Bieber is no stranger to chart-topping hits. Despite his many sales accomplishments, until recently he’d never enjoyed much love from music critics or non-tweenage fans. Note the past tense. Five years after his excruciating, repetitive “Baby,” he somehow landed song-of-the-summer contender “Where Are Ü Now,” an unexpected collaboration with electronic dance music (EDM) producers Skrillex and Diplo. (The latter’s Major Lazer also delivered, with DJ Snake, the best and weirdest summer smash, “Lean On,” which currently boasts over 500 million YouTube plays.)

In late August, Biebs upped the ante with a Skrillex-produced sequel, “What Do You Mean,” that not only debuted at number one within hours but also prompted Noisey, the music wing of Vice’s hipster empire, to declare “sorry we’re not sorry, it rules” and “We have high hopes for the album.”

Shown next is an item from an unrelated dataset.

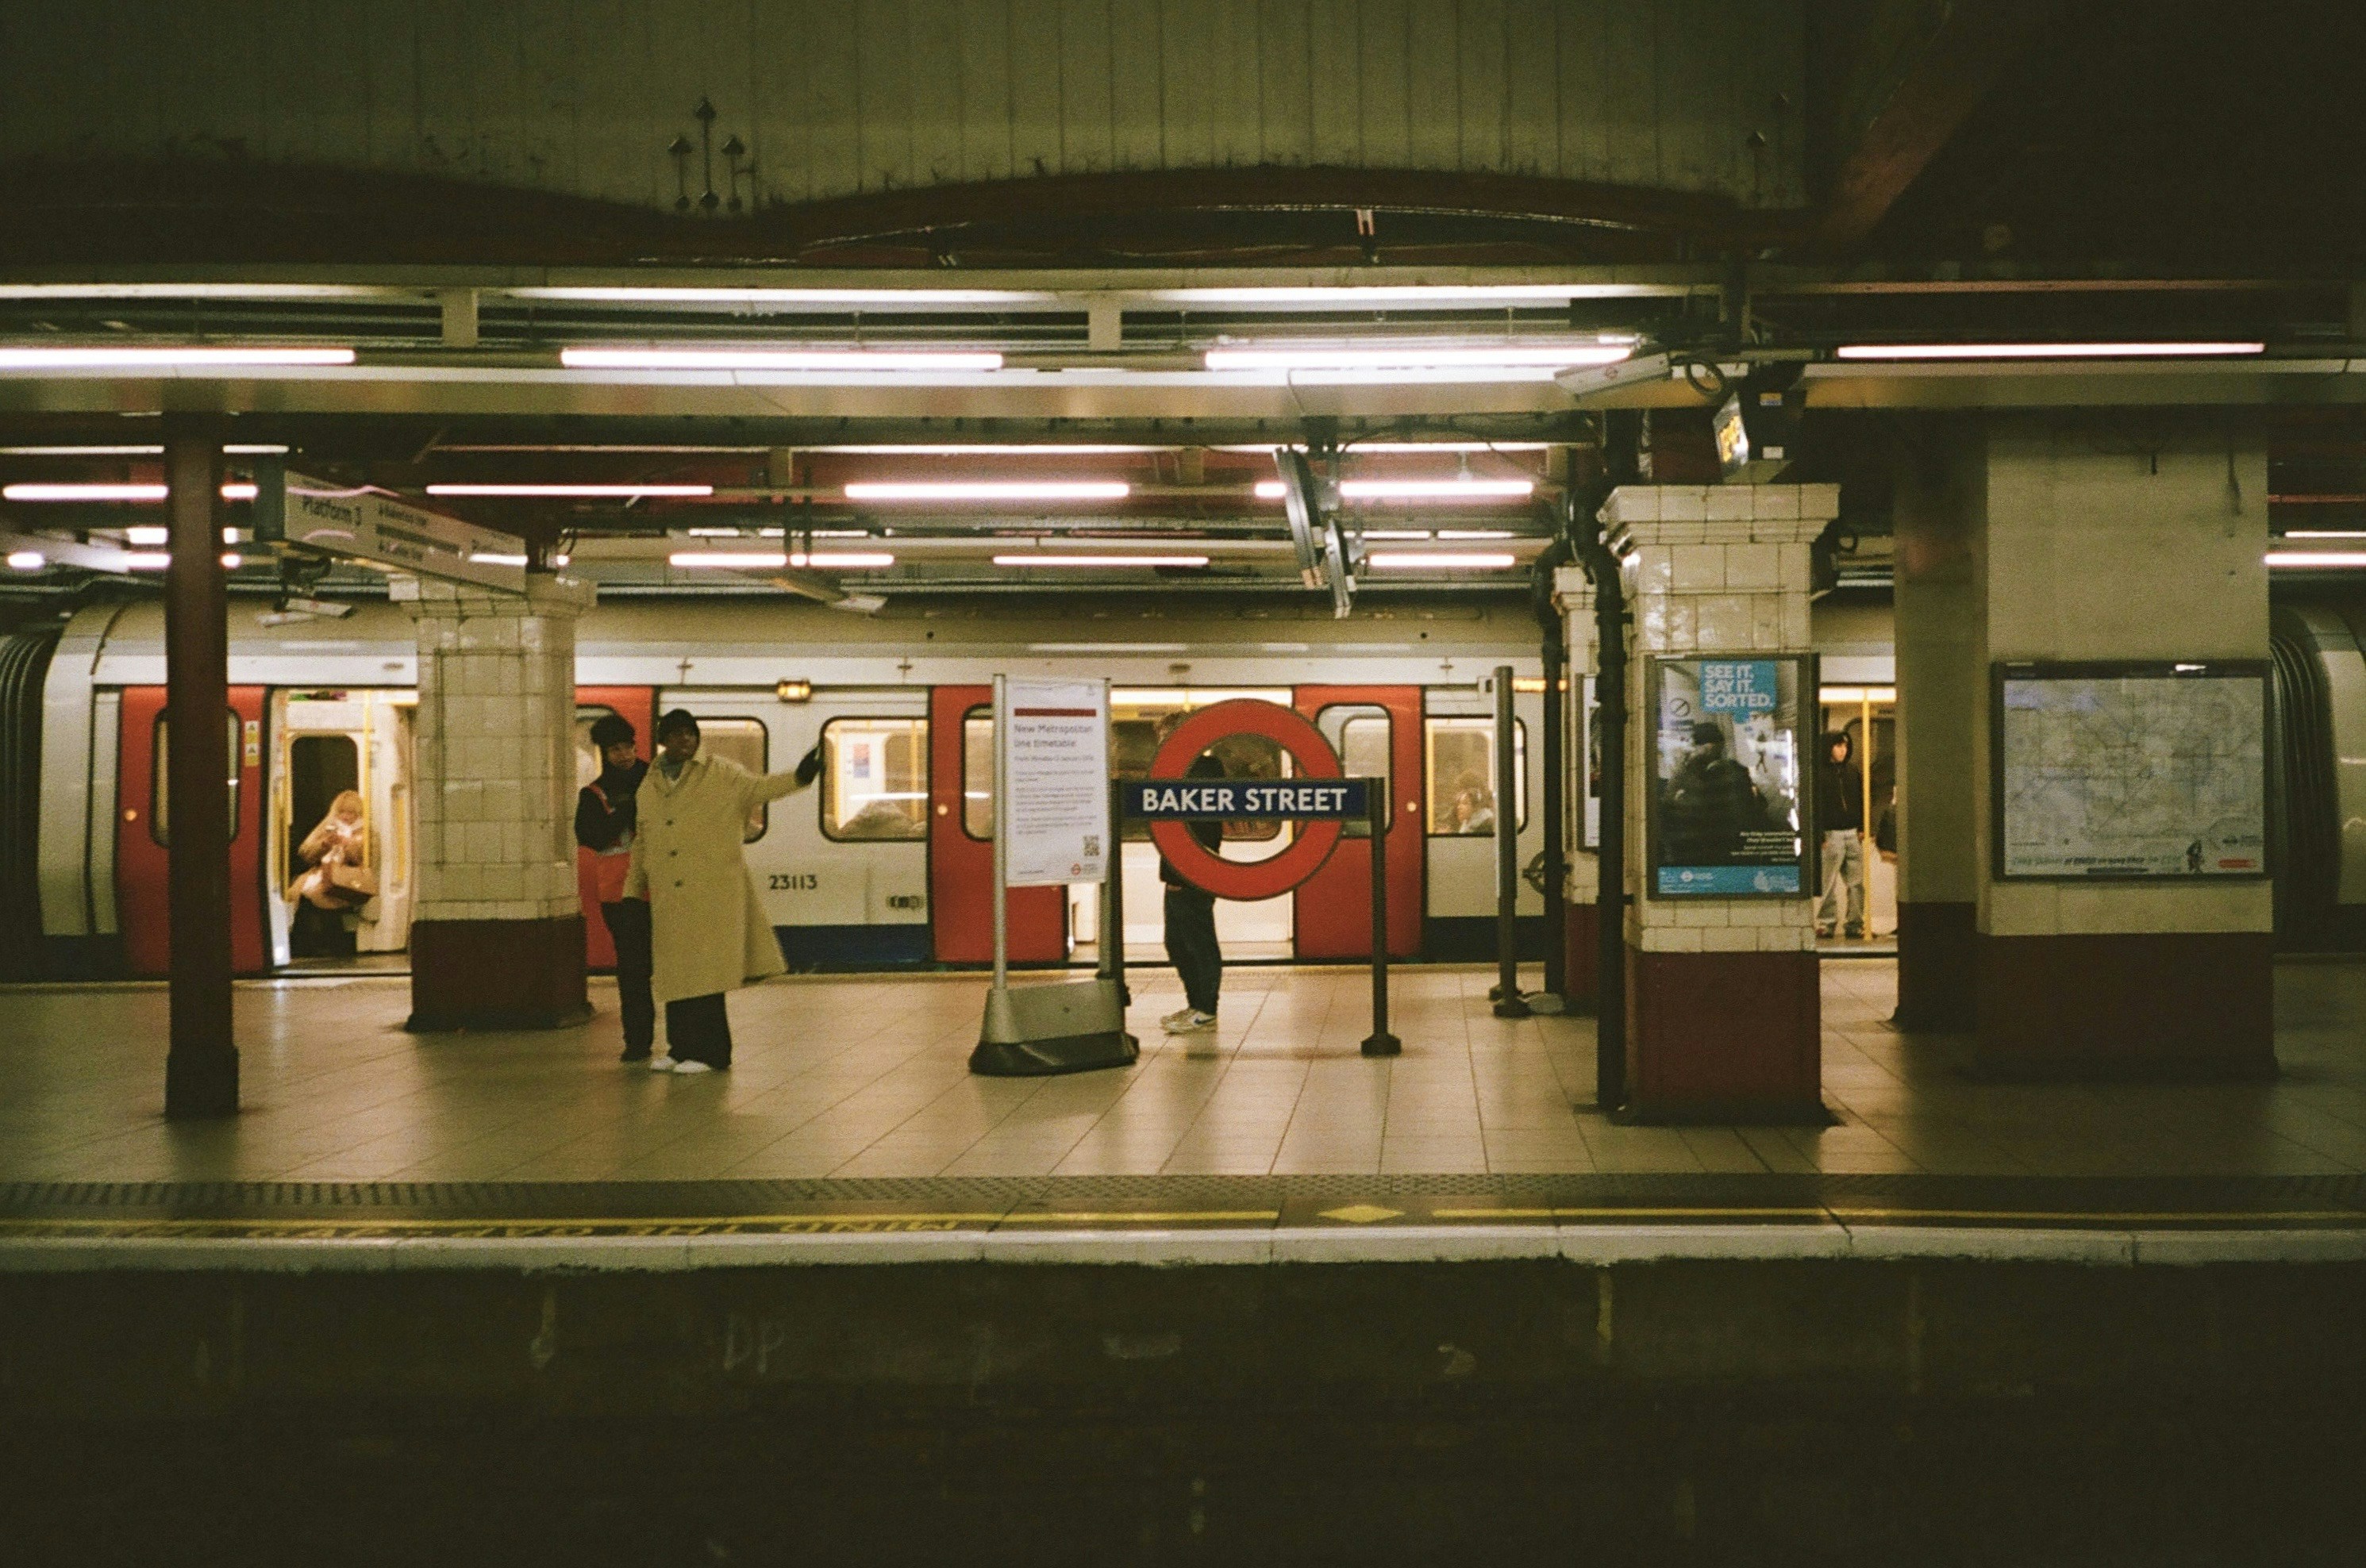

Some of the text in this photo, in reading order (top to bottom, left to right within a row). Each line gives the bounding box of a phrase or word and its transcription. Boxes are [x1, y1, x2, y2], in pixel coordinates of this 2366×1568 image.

All this just three years out from Bieber being booed at the Grey Cup (for the audacity of performing in front of a crowd old enough to drive), and one year out from being booed in absentia at the Junos (for the audacity of winning an award).

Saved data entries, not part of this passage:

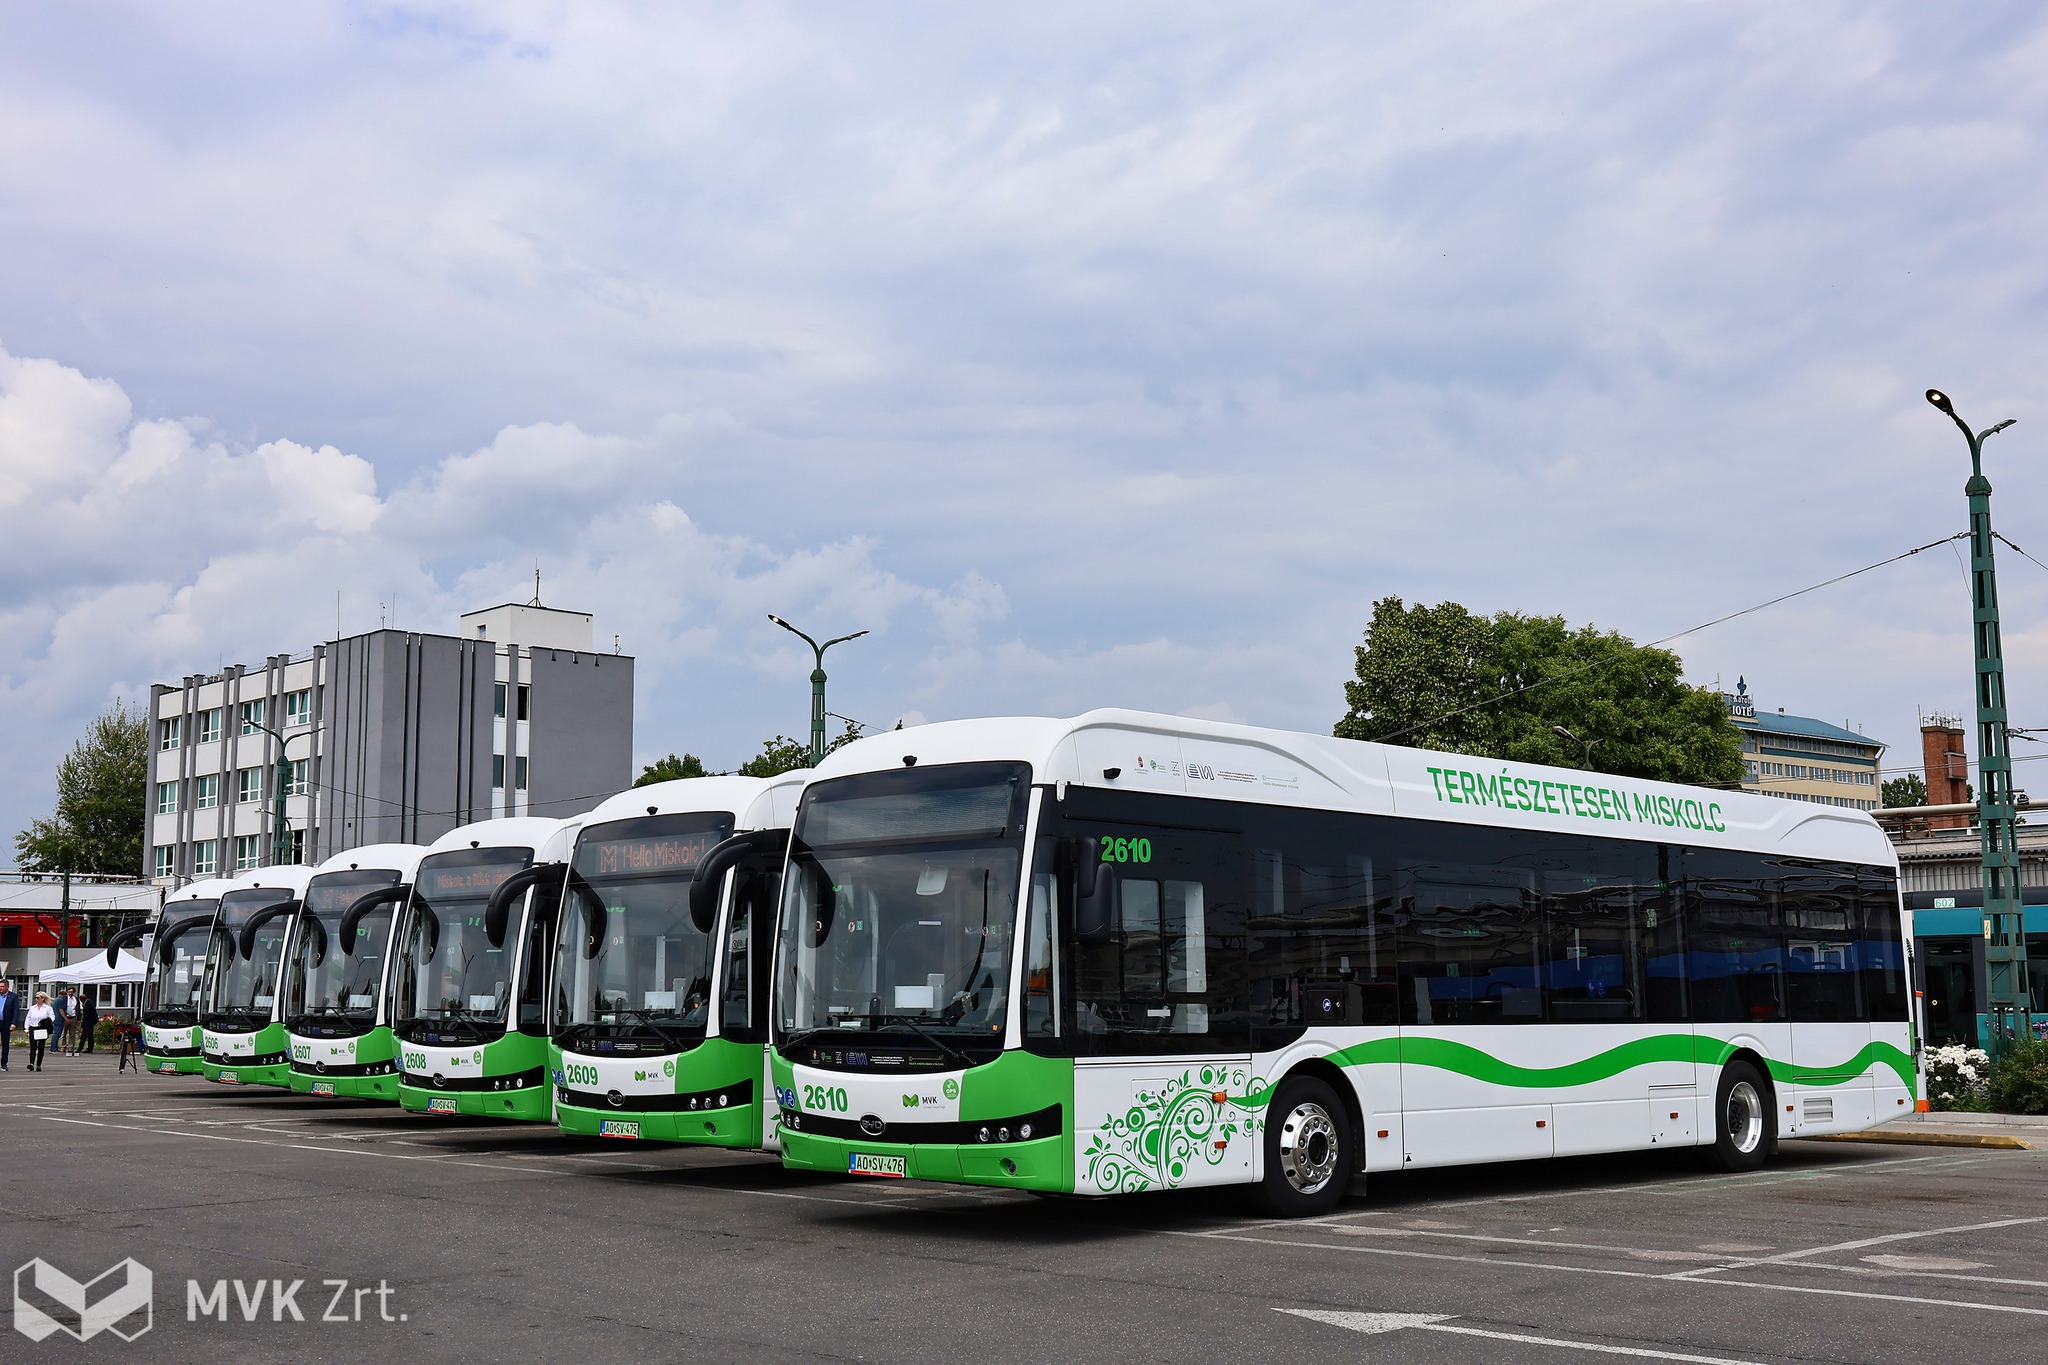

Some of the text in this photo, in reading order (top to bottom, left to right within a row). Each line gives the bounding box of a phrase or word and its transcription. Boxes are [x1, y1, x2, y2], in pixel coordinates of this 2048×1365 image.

[1426, 767, 1726, 833] TERMÉSZETESEN MISKOLC
[623, 844, 652, 869] Hello
[1101, 836, 1152, 863] 2610
[1935, 898, 1954, 908] 602
[146, 1031, 159, 1043] 2605
[204, 1036, 219, 1050] 2606
[293, 1045, 311, 1060] 2607
[404, 1052, 427, 1070] 2608
[566, 1064, 599, 1086] 2609
[803, 1084, 848, 1112] 2610
[922, 1096, 938, 1105] MVK
[861, 1119, 883, 1130] BYD

The Weeknd, on the other hand, is no stranger to acclaim. Beginning in 2011, the Canadian singer (born Abel Tesfaye) released a series of mixtapes recounting his hedonistic Toronto adventures. The debauched lyrics and murky beats helped define alternative R&B and proved that he didn’t need the mainstream to be a success. That was then. Now he is the latest Canadian to reach the top of Billboard’s charts: The Weeknd’s “Can’t Feel My Face” is a collaboration with Max Martin, a Swedish songwriter/producer who first achieved the feat sixteen years ago with Britney Spears’s “. . . Baby One More Time.”

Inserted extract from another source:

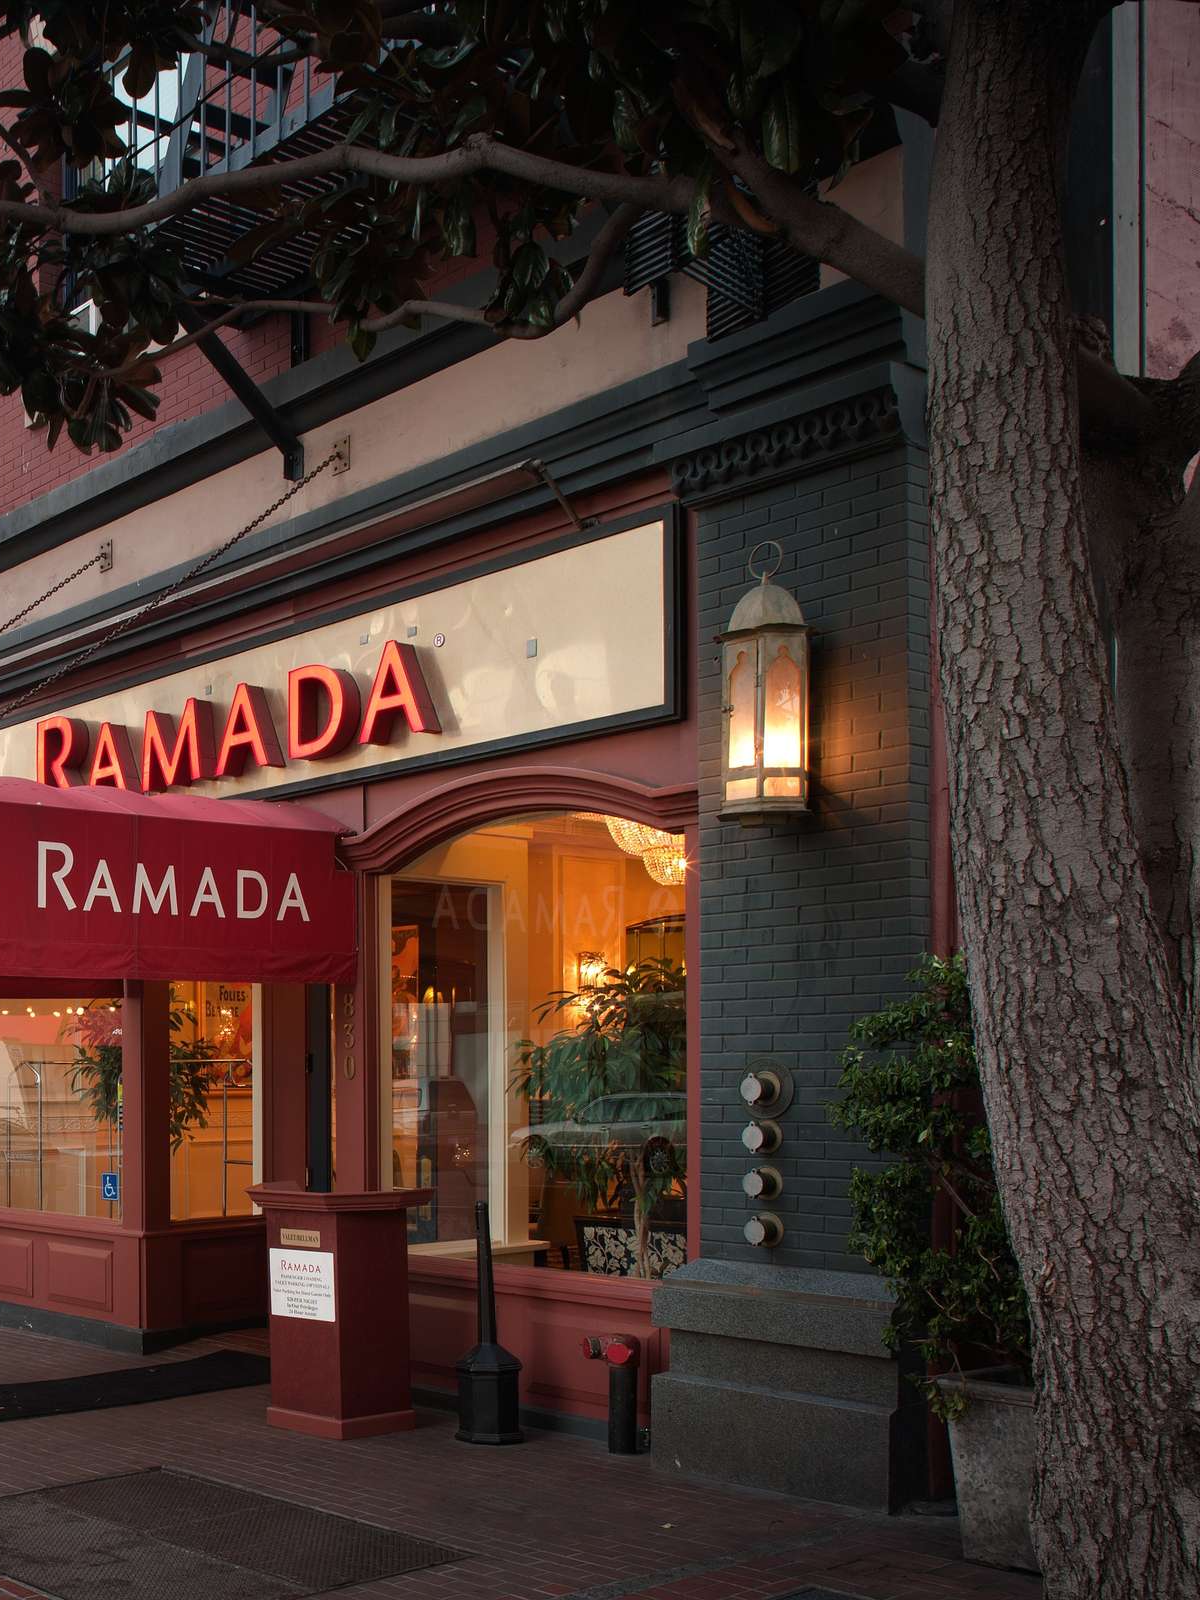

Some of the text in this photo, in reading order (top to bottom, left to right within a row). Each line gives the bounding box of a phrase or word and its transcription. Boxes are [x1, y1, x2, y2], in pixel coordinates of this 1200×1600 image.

[36, 639, 442, 793] RAMADA
[37, 840, 311, 922] RAMADA
[280, 1259, 321, 1273] RAMADA

Tesfaye, the once-underground hero, has gone from singing creepily about a sexual conquest needing to be “High For This” to making music that my five-year-old sings himself to sleep with. (“I can’t feel my face when I’m with Pikachu.”) Again, the result is as beloved by critics and cool kids as it is by the general consumer.

What’s happened is that pop has become the new alternative.

Back in the 1980s, pop music was taken seriously thanks to the likes of Prince, Madonna, George Michael, and Michael and Janet Jackson. Sure, there were one-hit wonders and atrocious acts (every era has those), but “pop star” was a compliment even for “real” artists. That changed in the 1990s as the alt-revolution caught fire amidst pop’s precipitous decline in quality. With the pop cultural pendulum swinging back toward anti-corporate authenticity, music’s most corporate genre reacted by becoming increasingly conservative. Even the era’s best pop act, the Spice Girls, were assembled and sold as living dolls (and sold as real dolls, too).

Acts like Jane’s Addiction, Nirvana, Nine Inch Nails, and Breeders sold millions and fuelled the rise of alt-radio and alt-festivals like Lollapalooza. But they were literally the alternative to pop, which at the time was repped by Disney themes, Michael Bolton’s blue-eyed soul covers, and Natalie Cole’s duets with her dead dad. Exceptional exceptions like Deee-Lite’s “Groove Is in the Heart” emphasized how far pop had fallen from its effervescent and experimental ’80s heyday.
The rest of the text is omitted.